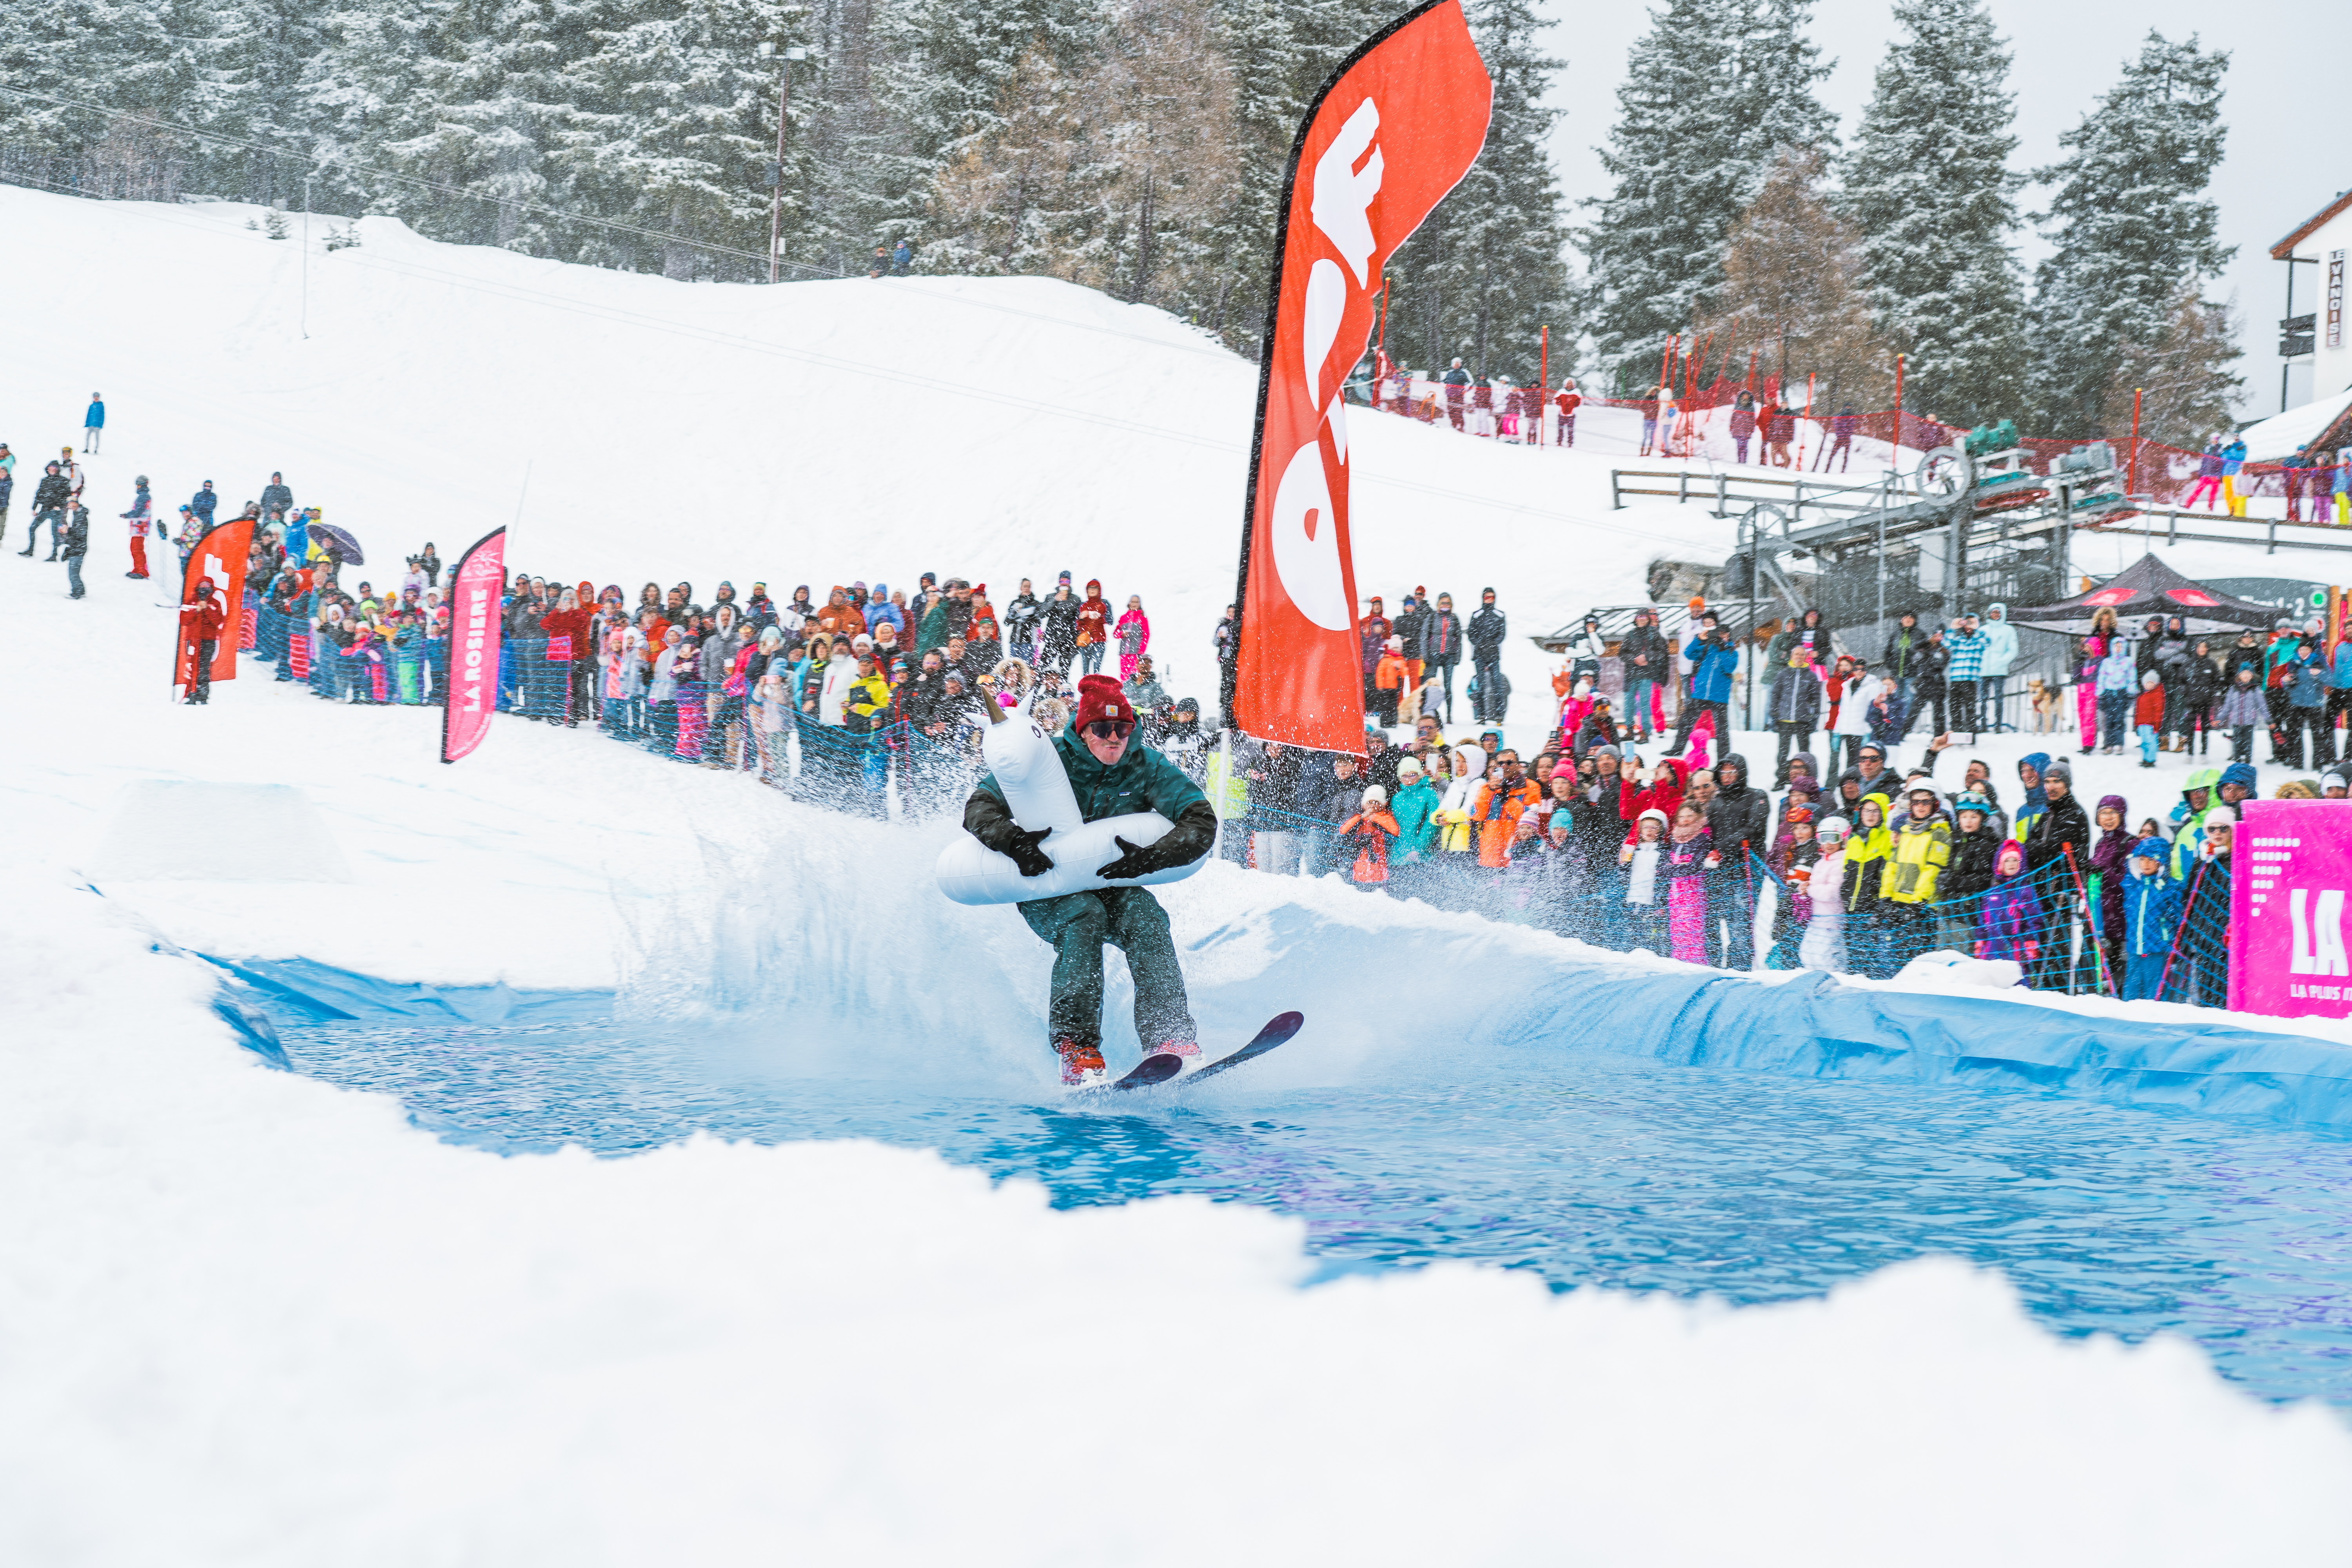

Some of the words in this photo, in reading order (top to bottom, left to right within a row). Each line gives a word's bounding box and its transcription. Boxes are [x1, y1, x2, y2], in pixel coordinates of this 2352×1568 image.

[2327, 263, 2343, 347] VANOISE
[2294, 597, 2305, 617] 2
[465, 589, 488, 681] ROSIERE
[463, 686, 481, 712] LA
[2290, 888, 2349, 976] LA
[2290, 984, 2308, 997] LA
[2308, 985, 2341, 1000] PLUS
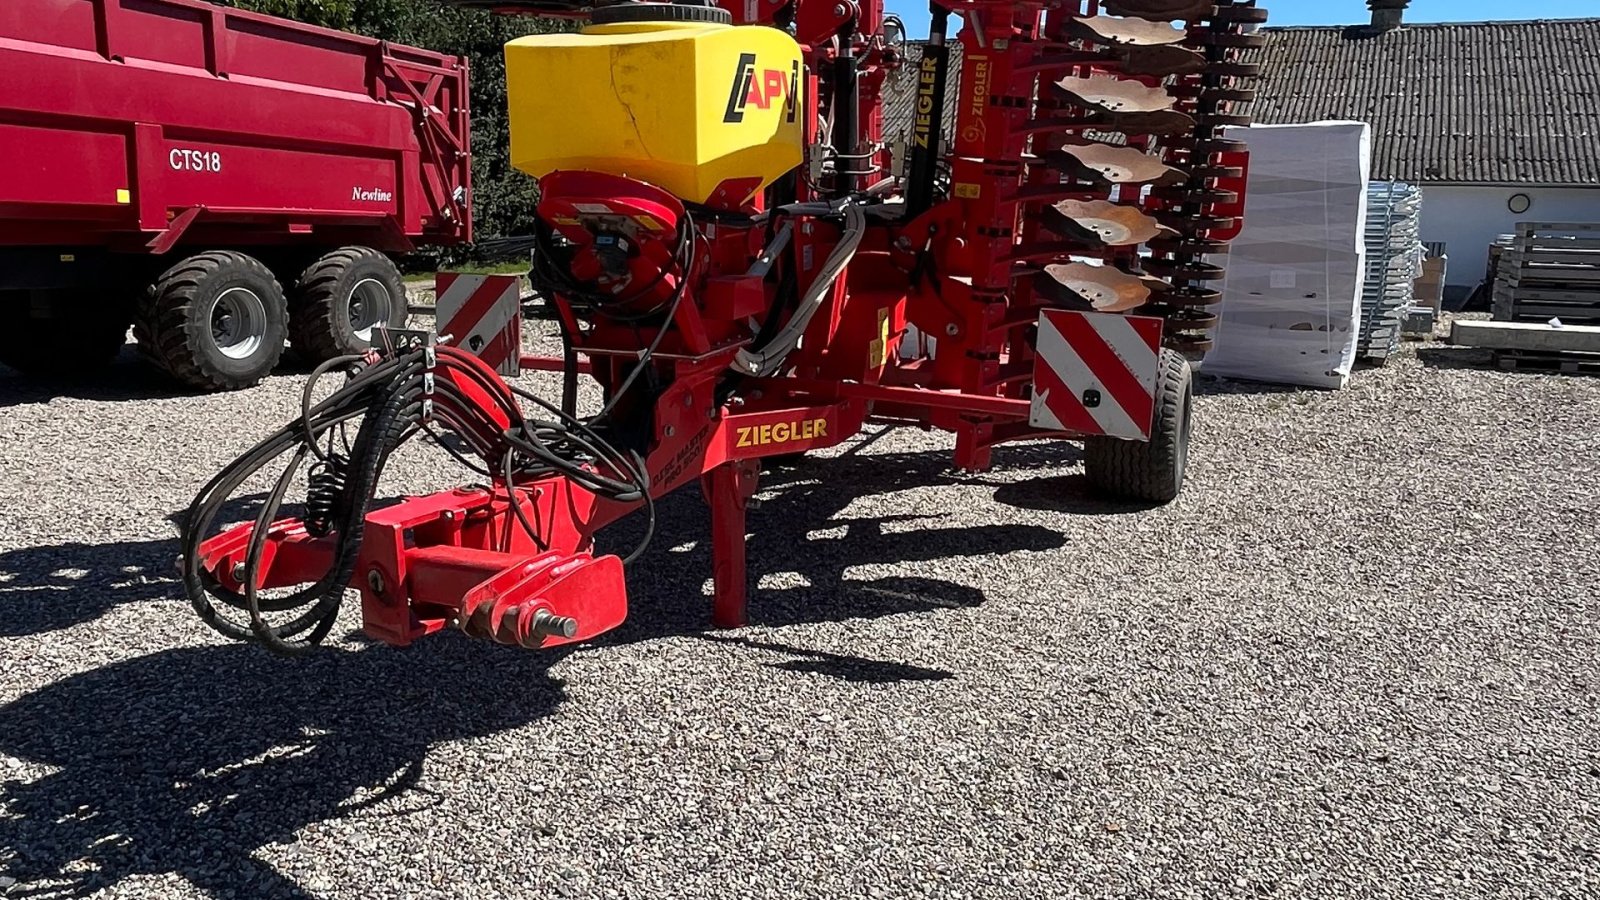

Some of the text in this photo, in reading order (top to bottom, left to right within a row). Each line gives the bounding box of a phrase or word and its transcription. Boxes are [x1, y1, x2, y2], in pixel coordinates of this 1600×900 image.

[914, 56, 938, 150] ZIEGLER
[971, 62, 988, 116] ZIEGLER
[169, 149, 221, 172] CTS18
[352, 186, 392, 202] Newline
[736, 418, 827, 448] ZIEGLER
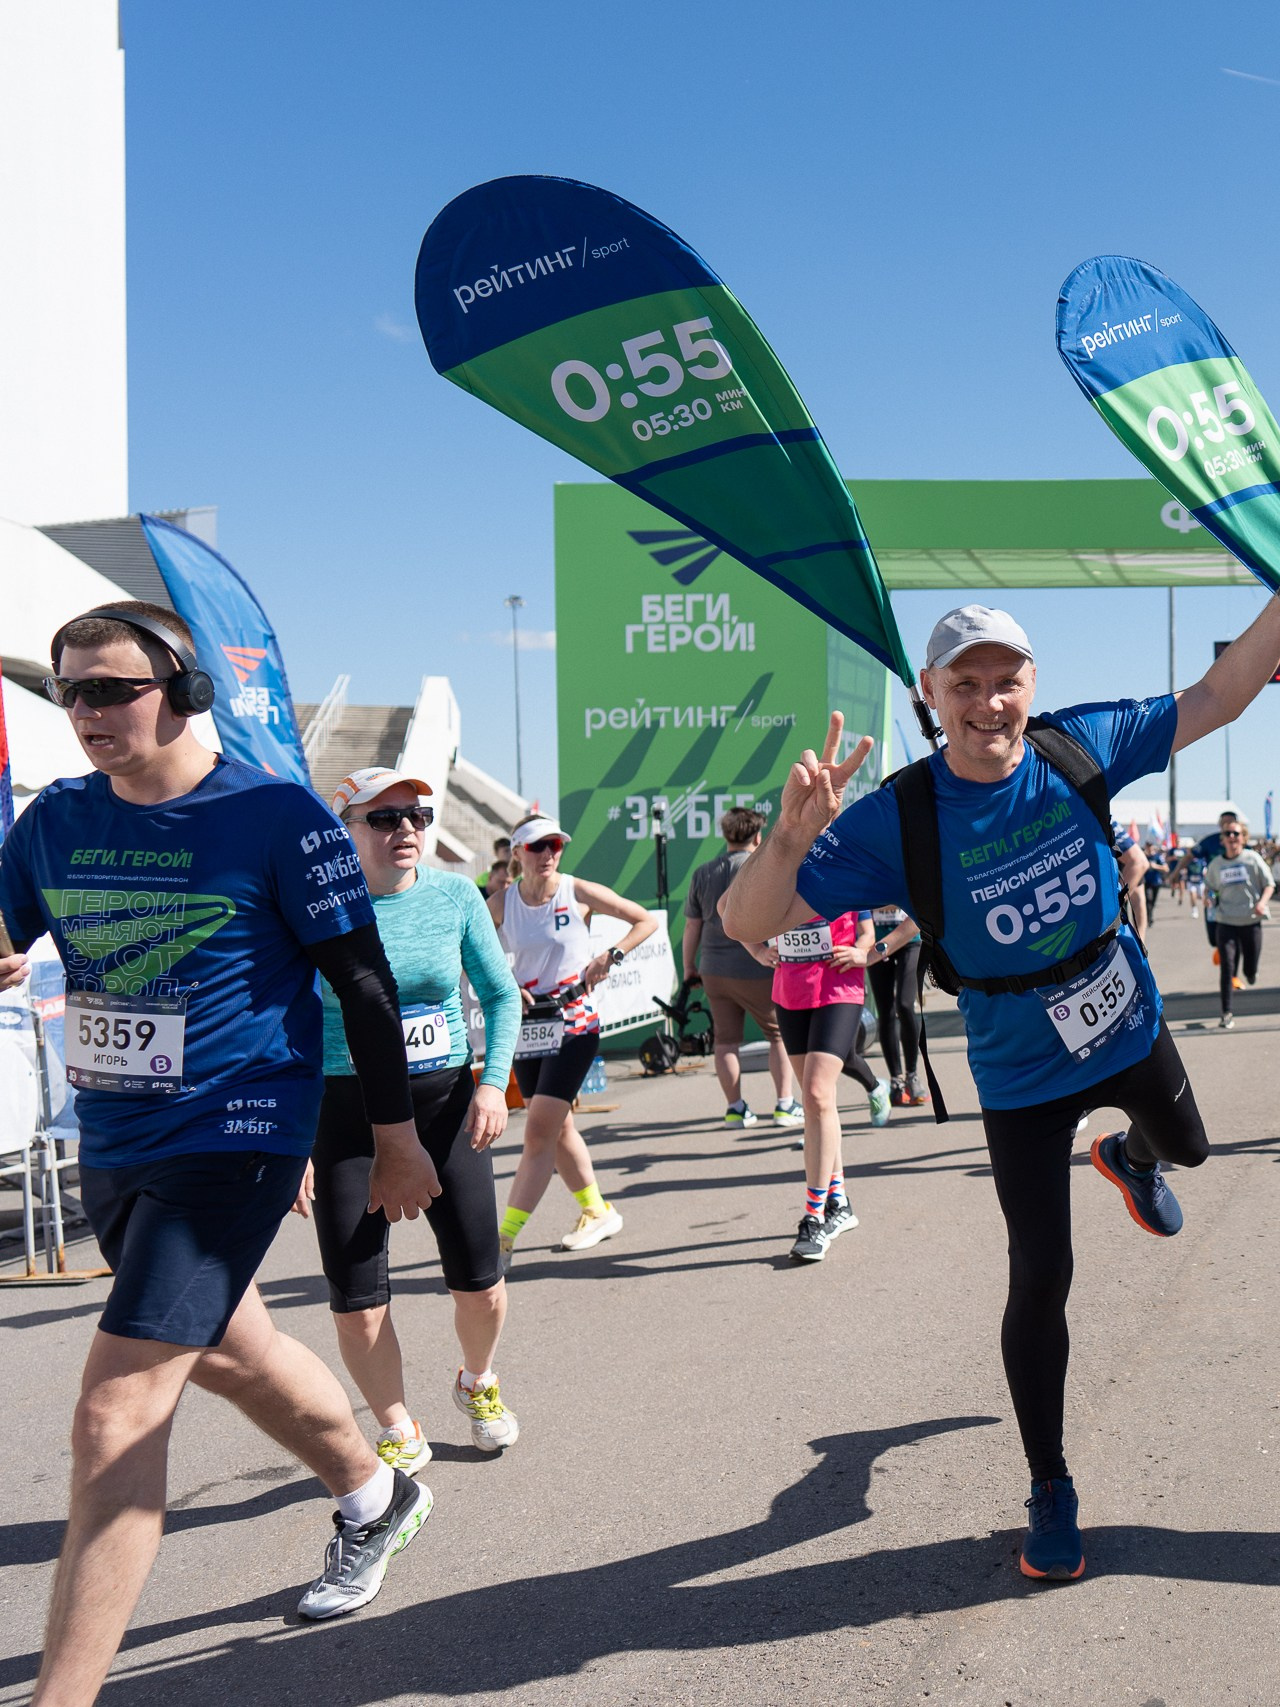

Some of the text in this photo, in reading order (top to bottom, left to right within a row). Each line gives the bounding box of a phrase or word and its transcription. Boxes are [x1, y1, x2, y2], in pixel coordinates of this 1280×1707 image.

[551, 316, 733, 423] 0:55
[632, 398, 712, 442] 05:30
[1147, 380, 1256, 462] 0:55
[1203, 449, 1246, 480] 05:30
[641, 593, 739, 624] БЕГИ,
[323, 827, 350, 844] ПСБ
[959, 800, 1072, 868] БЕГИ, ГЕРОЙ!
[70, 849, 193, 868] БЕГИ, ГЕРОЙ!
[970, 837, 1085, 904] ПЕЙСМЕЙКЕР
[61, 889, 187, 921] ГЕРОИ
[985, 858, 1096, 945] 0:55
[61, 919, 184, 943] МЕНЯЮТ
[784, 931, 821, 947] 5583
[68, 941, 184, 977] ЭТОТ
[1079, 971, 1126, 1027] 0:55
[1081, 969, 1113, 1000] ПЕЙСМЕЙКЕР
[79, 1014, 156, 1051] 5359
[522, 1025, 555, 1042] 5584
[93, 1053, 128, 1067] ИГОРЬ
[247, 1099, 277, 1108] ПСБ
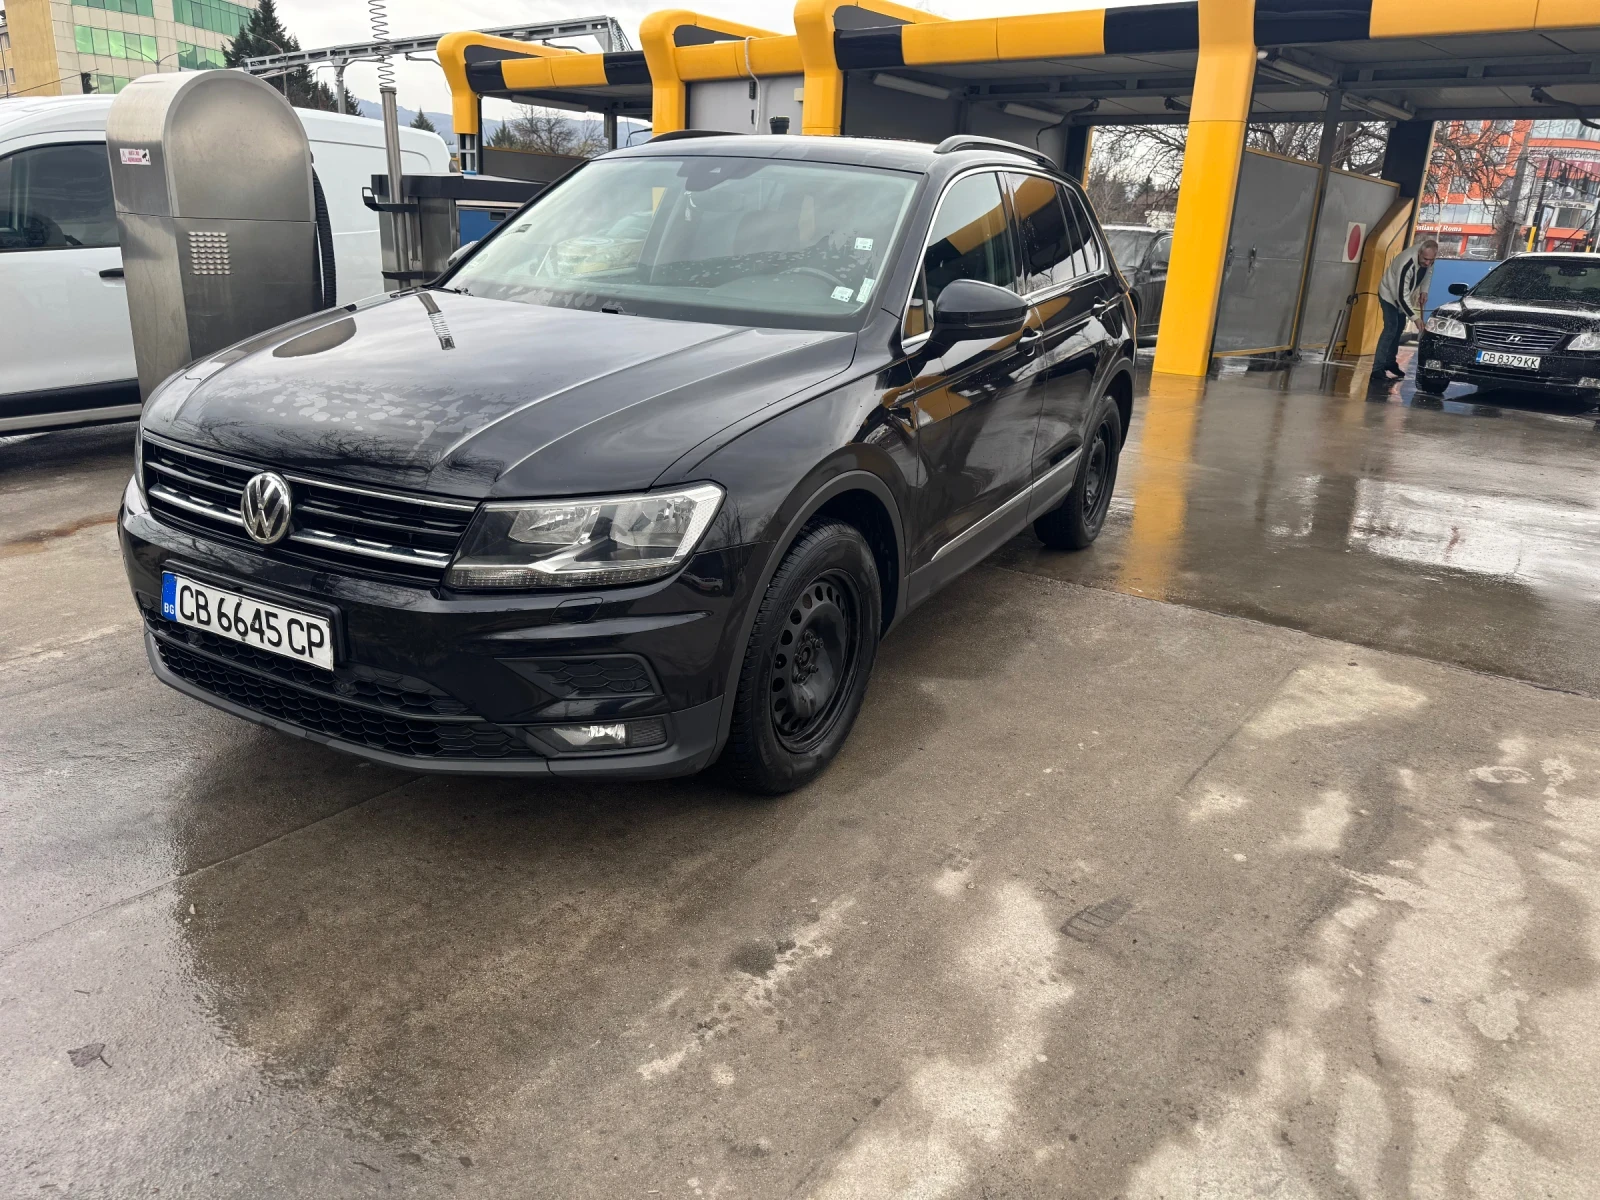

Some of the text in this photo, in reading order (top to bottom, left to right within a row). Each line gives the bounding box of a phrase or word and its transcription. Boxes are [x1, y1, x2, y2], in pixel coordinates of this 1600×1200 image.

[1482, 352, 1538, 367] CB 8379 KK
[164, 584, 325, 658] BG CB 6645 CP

____

## TASK PROMPT
Pictures aside, the material must be written out word for word.

## ANSWER SECTION
Some of the words in this photo, in reading order (top to bottom, left to right within a row). Each line gives a word's bounding box and its transcription. Boxes are [x1, y1, x2, y2], in pixel coordinates of this 2352×1568 image.

[2327, 263, 2343, 347] VANOISE
[2294, 597, 2305, 617] 2
[465, 589, 488, 681] ROSIERE
[463, 686, 481, 712] LA
[2290, 888, 2349, 976] LA
[2290, 984, 2308, 997] LA
[2308, 985, 2341, 1000] PLUS

Some of the text in this photo, in reading order (top to bottom, left to right within a row). Each line gives the bounding box of a phrase or word and its transcription. Boxes are [x1, y1, x2, y2], in pixel coordinates of this 1600×900 image.

[914, 56, 938, 150] ZIEGLER
[971, 62, 988, 116] ZIEGLER
[169, 149, 221, 172] CTS18
[352, 186, 392, 202] Newline
[736, 418, 827, 448] ZIEGLER

Some of the text in this photo, in reading order (top to bottom, left to right within a row). Each line gives the bounding box of a phrase or word and its transcription. Boxes are [x1, y1, x2, y2], in pixel coordinates of this 1280×1707 image.

[551, 316, 733, 423] 0:55
[632, 398, 712, 442] 05:30
[1147, 380, 1256, 462] 0:55
[1203, 449, 1246, 480] 05:30
[641, 593, 739, 624] БЕГИ,
[323, 827, 350, 844] ПСБ
[959, 800, 1072, 868] БЕГИ, ГЕРОЙ!
[70, 849, 193, 868] БЕГИ, ГЕРОЙ!
[970, 837, 1085, 904] ПЕЙСМЕЙКЕР
[61, 889, 187, 921] ГЕРОИ
[985, 858, 1096, 945] 0:55
[61, 919, 184, 943] МЕНЯЮТ
[784, 931, 821, 947] 5583
[68, 941, 184, 977] ЭТОТ
[1079, 971, 1126, 1027] 0:55
[1081, 969, 1113, 1000] ПЕЙСМЕЙКЕР
[79, 1014, 156, 1051] 5359
[522, 1025, 555, 1042] 5584
[93, 1053, 128, 1067] ИГОРЬ
[247, 1099, 277, 1108] ПСБ

Some of the text in this photo, in reading order (top to bottom, left to right within a row). Each line gives the bounding box of a phrase or word and its transcription. Boxes are [x1, y1, x2, y2], in pixel coordinates of this 1600×1200 image.

[1482, 352, 1538, 367] CB 8379 KK
[164, 584, 325, 658] BG CB 6645 CP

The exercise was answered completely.